» EXERCISE DETAILS
Write out the entries below exactly as they stand. Skip every image.

*** Opening MATERIAL FOR THIS EXERCISE ***

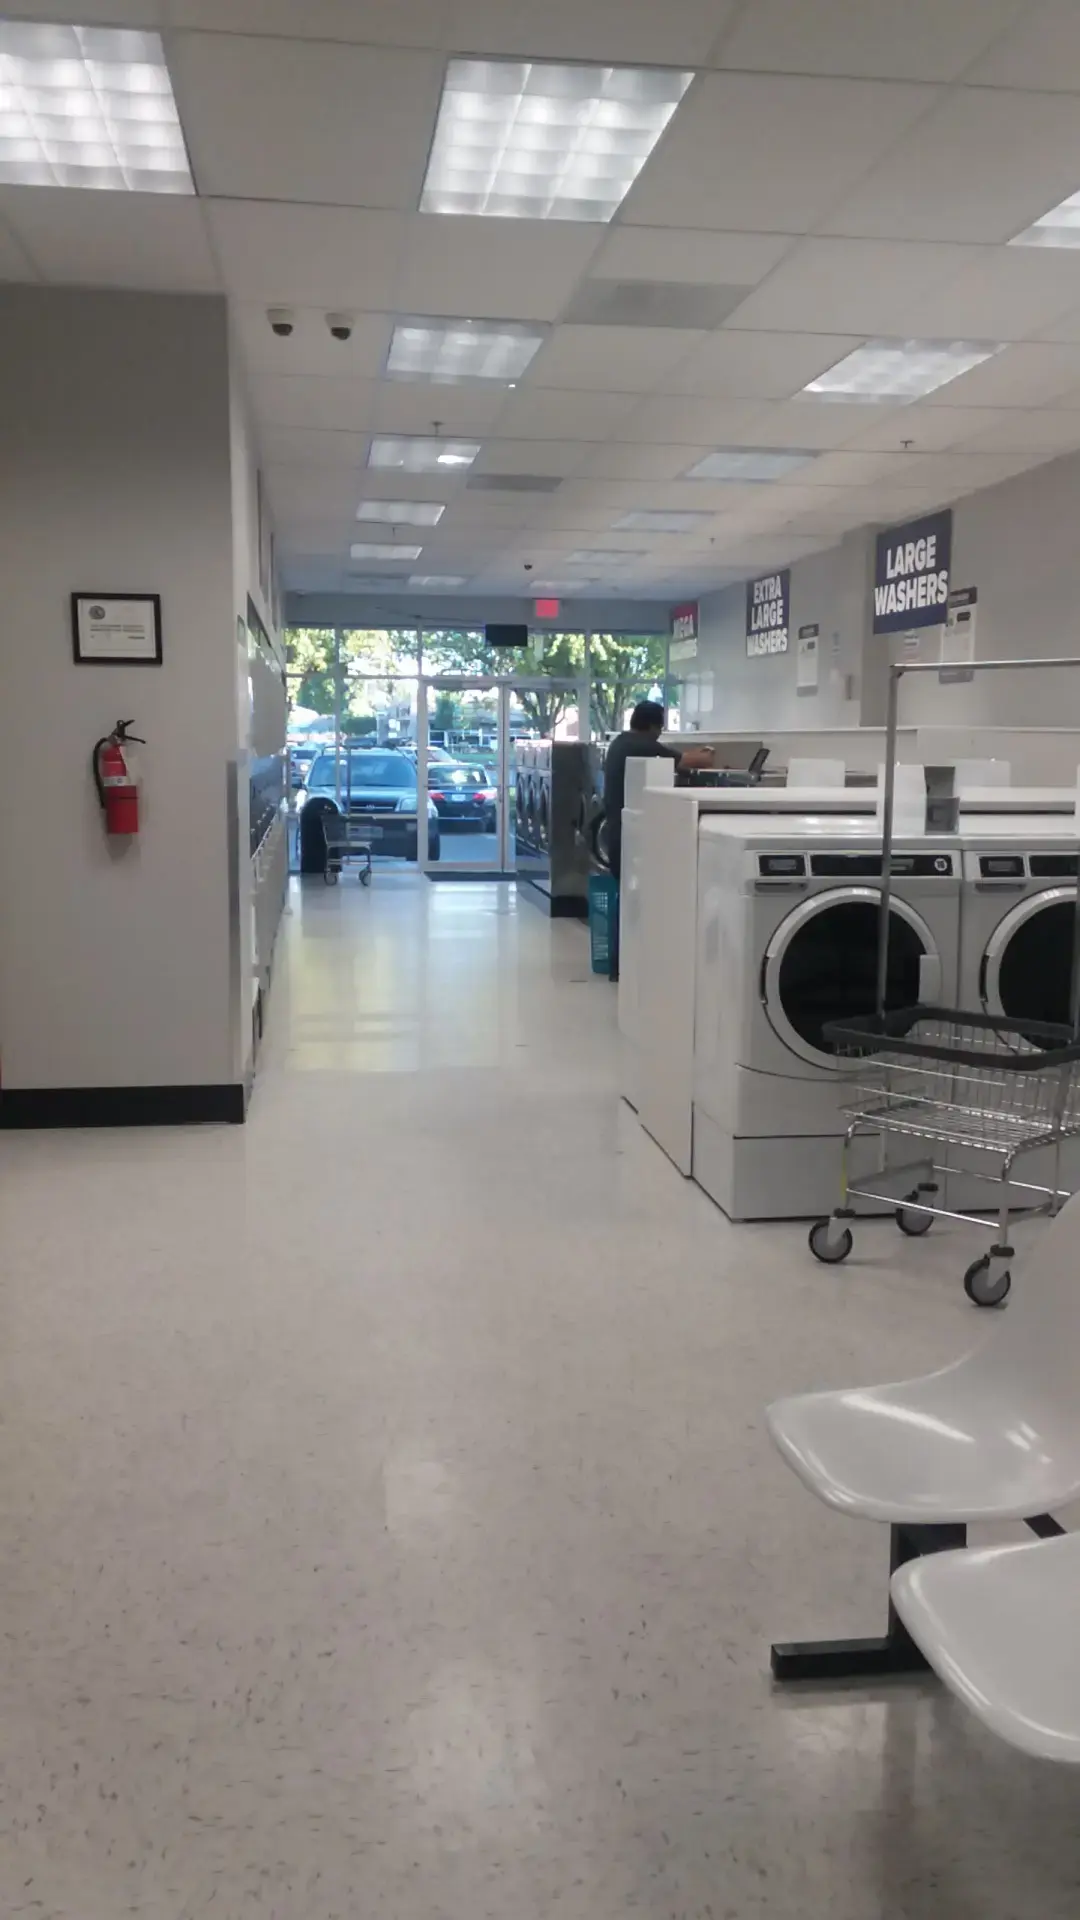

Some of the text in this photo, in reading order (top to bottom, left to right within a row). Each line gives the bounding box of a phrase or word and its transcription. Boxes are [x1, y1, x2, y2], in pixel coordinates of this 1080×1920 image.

[886, 534, 937, 579] LARGE
[753, 575, 783, 604] EXTRA
[874, 569, 949, 616] WASHERS
[751, 599, 784, 631] LARGE
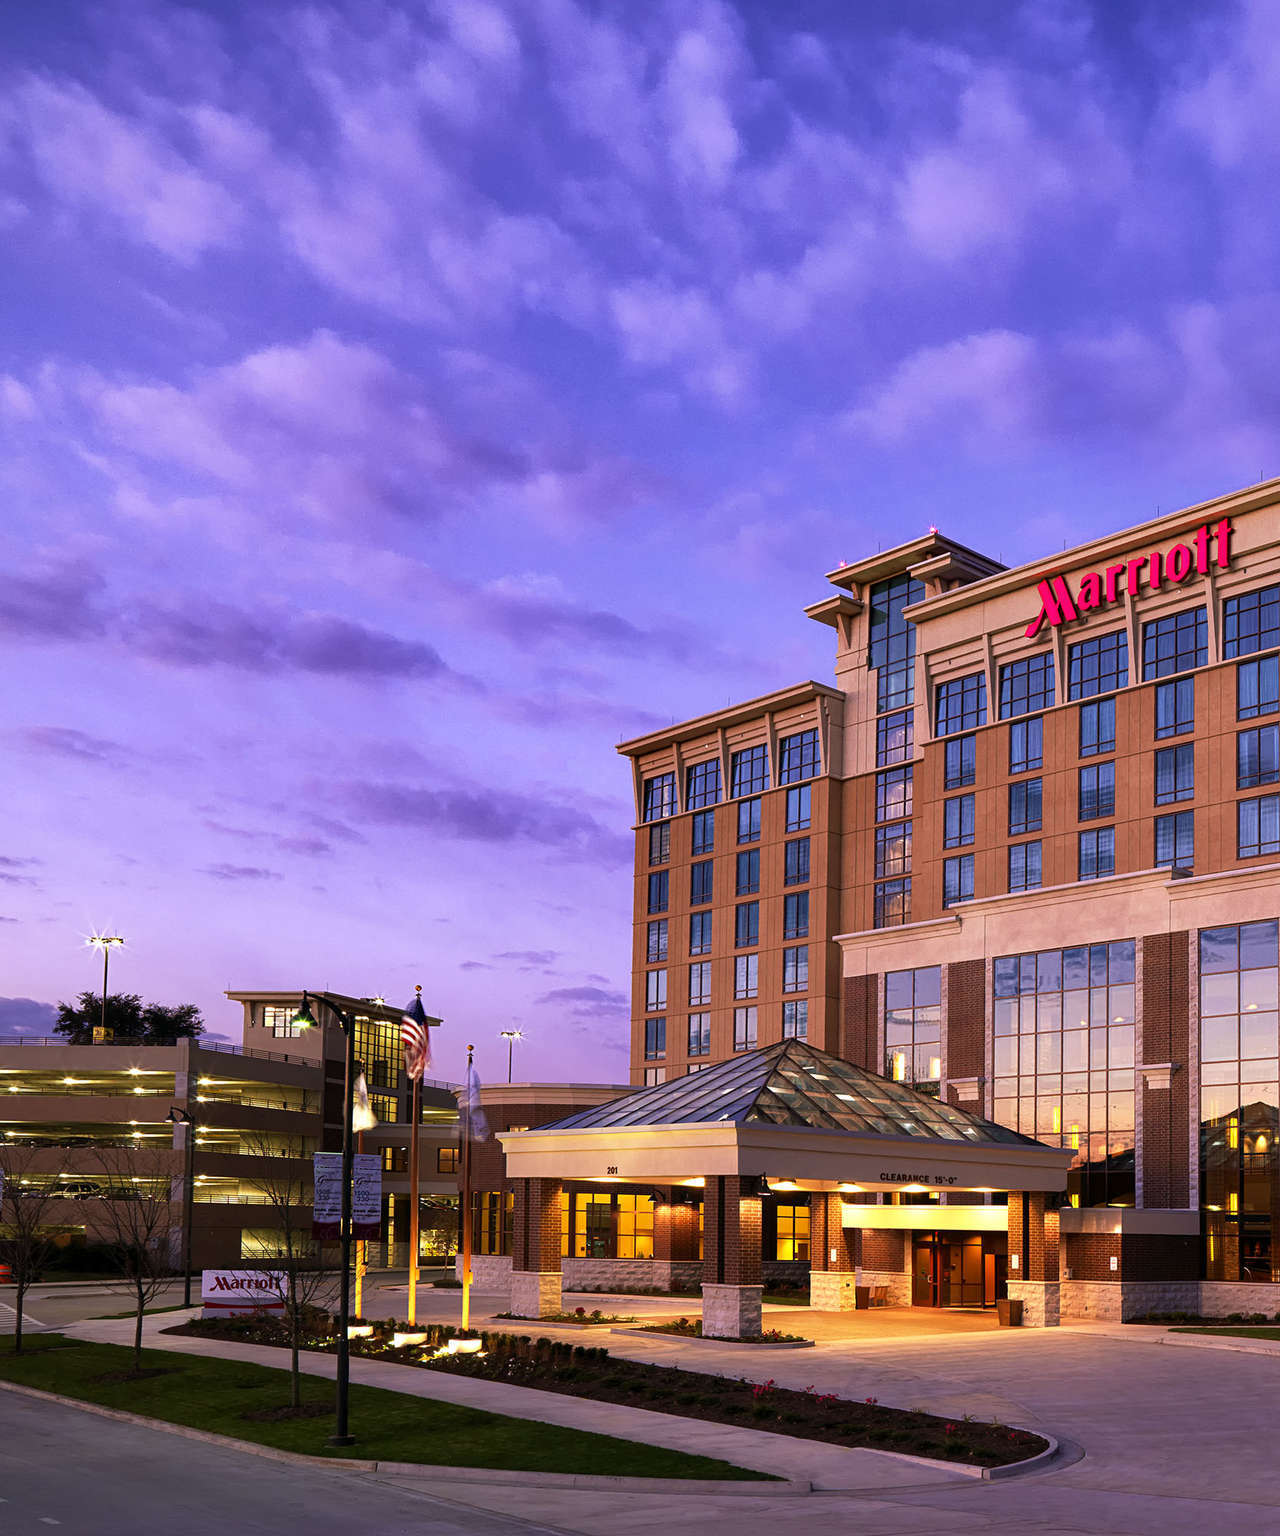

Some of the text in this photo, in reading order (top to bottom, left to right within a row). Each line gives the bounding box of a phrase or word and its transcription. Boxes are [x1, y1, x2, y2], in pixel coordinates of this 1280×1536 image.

[1024, 517, 1234, 639] Marriott
[607, 1166, 618, 1175] 201
[880, 1172, 930, 1184] CLEARANCE
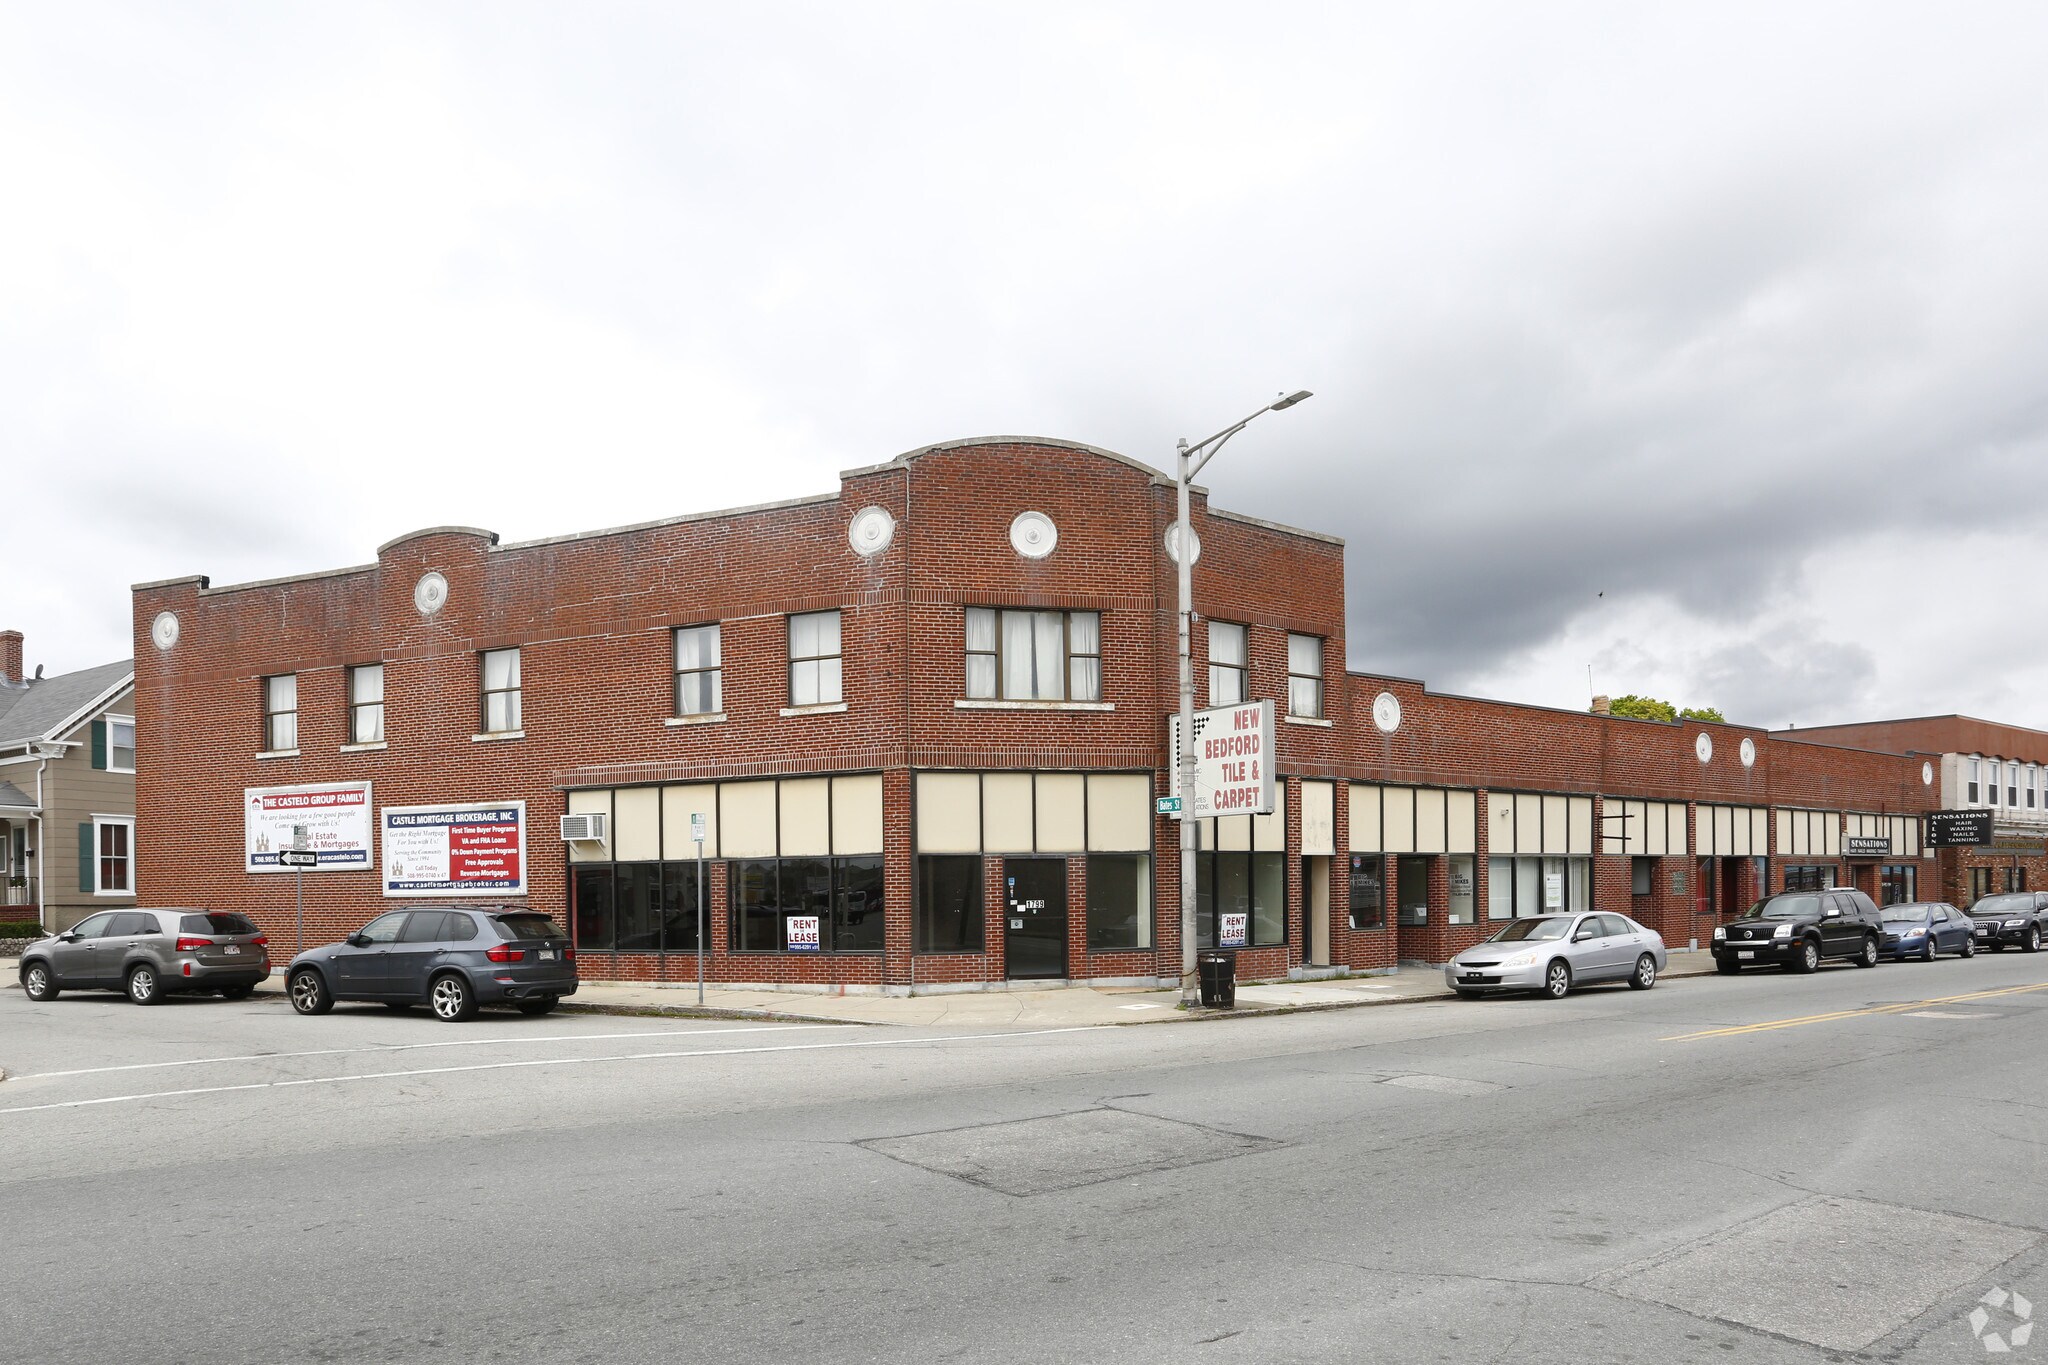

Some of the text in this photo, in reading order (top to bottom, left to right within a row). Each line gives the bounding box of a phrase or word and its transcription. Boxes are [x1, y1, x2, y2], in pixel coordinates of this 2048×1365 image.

[1234, 708, 1260, 730] NEW
[1205, 734, 1260, 759] BEDFORD
[1222, 760, 1260, 783] TILE &
[264, 793, 364, 807] THE CASTELO GROUP FAMILY
[1214, 787, 1260, 810] CARPET
[1160, 800, 1180, 810] Bates St
[278, 813, 298, 821] looking
[299, 812, 307, 820] for
[313, 811, 323, 819] few
[323, 811, 337, 819] good
[337, 810, 356, 819] people
[391, 811, 515, 826] CASTLE MORTGAGE BROKERAGE, INC.
[1931, 812, 1988, 820] SENSATIONS
[407, 830, 422, 838] Right
[422, 829, 447, 837] Mortgage
[463, 826, 476, 834] Time
[476, 826, 492, 835] Buyer
[491, 825, 517, 834] Programs
[315, 831, 338, 840] Estate
[313, 841, 319, 849] &
[320, 840, 360, 849] Mortgages
[461, 837, 469, 845] VA
[469, 837, 480, 845] and
[491, 836, 507, 844] Loans
[1851, 839, 1888, 848] SENSATIONS
[473, 847, 494, 856] Payment
[494, 847, 518, 855] Programs
[465, 857, 504, 867] Free Approvals
[480, 869, 509, 878] Mortgages
[399, 881, 510, 889] www.castlemortgagebroker.com
[793, 920, 817, 929] RENT
[1227, 917, 1245, 925] RENT
[789, 933, 818, 942] LEASE
[1222, 929, 1244, 938] LEASE

*** Closing MATERIAL FOR THIS EXERCISE ***

» RESPONSE TO THIS EXERCISE
Some of the text in this photo, in reading order (top to bottom, left to right within a row). Each line gives the bounding box of a phrase or word and its transcription. Boxes are [x1, y1, x2, y2], in pixel coordinates of this 1080×1920 image.

[886, 534, 937, 579] LARGE
[753, 575, 783, 604] EXTRA
[874, 569, 949, 616] WASHERS
[751, 599, 784, 631] LARGE

Some of the text in this photo, in reading order (top to bottom, left to right within a row). Each line gives the bounding box of a phrase or word and its transcription. Boxes are [x1, y1, x2, y2], in pixel coordinates of this 1280×1536 image.

[1024, 517, 1234, 639] Marriott
[607, 1166, 618, 1175] 201
[880, 1172, 930, 1184] CLEARANCE

Some of the text in this photo, in reading order (top to bottom, left to right within a row). Each line gives the bounding box of a phrase or word and its transcription. Boxes are [x1, y1, x2, y2], in pixel coordinates of this 2048×1365 image.

[1234, 708, 1260, 730] NEW
[1205, 734, 1260, 759] BEDFORD
[1222, 760, 1260, 783] TILE &
[264, 793, 364, 807] THE CASTELO GROUP FAMILY
[1214, 787, 1260, 810] CARPET
[1160, 800, 1180, 810] Bates St
[278, 813, 298, 821] looking
[299, 812, 307, 820] for
[313, 811, 323, 819] few
[323, 811, 337, 819] good
[337, 810, 356, 819] people
[391, 811, 515, 826] CASTLE MORTGAGE BROKERAGE, INC.
[1931, 812, 1988, 820] SENSATIONS
[407, 830, 422, 838] Right
[422, 829, 447, 837] Mortgage
[463, 826, 476, 834] Time
[476, 826, 492, 835] Buyer
[491, 825, 517, 834] Programs
[315, 831, 338, 840] Estate
[313, 841, 319, 849] &
[320, 840, 360, 849] Mortgages
[461, 837, 469, 845] VA
[469, 837, 480, 845] and
[491, 836, 507, 844] Loans
[1851, 839, 1888, 848] SENSATIONS
[473, 847, 494, 856] Payment
[494, 847, 518, 855] Programs
[465, 857, 504, 867] Free Approvals
[480, 869, 509, 878] Mortgages
[399, 881, 510, 889] www.castlemortgagebroker.com
[793, 920, 817, 929] RENT
[1227, 917, 1245, 925] RENT
[789, 933, 818, 942] LEASE
[1222, 929, 1244, 938] LEASE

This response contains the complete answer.